_WORK REQUEST_
Extract the listing below in full, unchanged.

_RECORDS FOR PROCESSING_
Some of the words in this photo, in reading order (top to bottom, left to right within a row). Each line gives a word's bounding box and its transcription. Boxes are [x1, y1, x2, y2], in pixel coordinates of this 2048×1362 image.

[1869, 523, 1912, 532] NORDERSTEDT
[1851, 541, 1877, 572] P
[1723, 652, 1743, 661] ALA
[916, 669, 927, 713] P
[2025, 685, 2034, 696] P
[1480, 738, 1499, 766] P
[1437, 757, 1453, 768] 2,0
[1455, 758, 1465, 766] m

_COMPLETED TASK_
Some of the words in this photo, in reading order (top to bottom, left to right within a row). Each line gives a word's bounding box and its transcription. Boxes are [x1, y1, x2, y2], in pixel coordinates of this 2048×1362 image.

[1869, 523, 1912, 532] NORDERSTEDT
[1851, 541, 1877, 572] P
[1723, 652, 1743, 661] ALA
[916, 669, 927, 713] P
[2025, 685, 2034, 696] P
[1480, 738, 1499, 766] P
[1437, 757, 1453, 768] 2,0
[1455, 758, 1465, 766] m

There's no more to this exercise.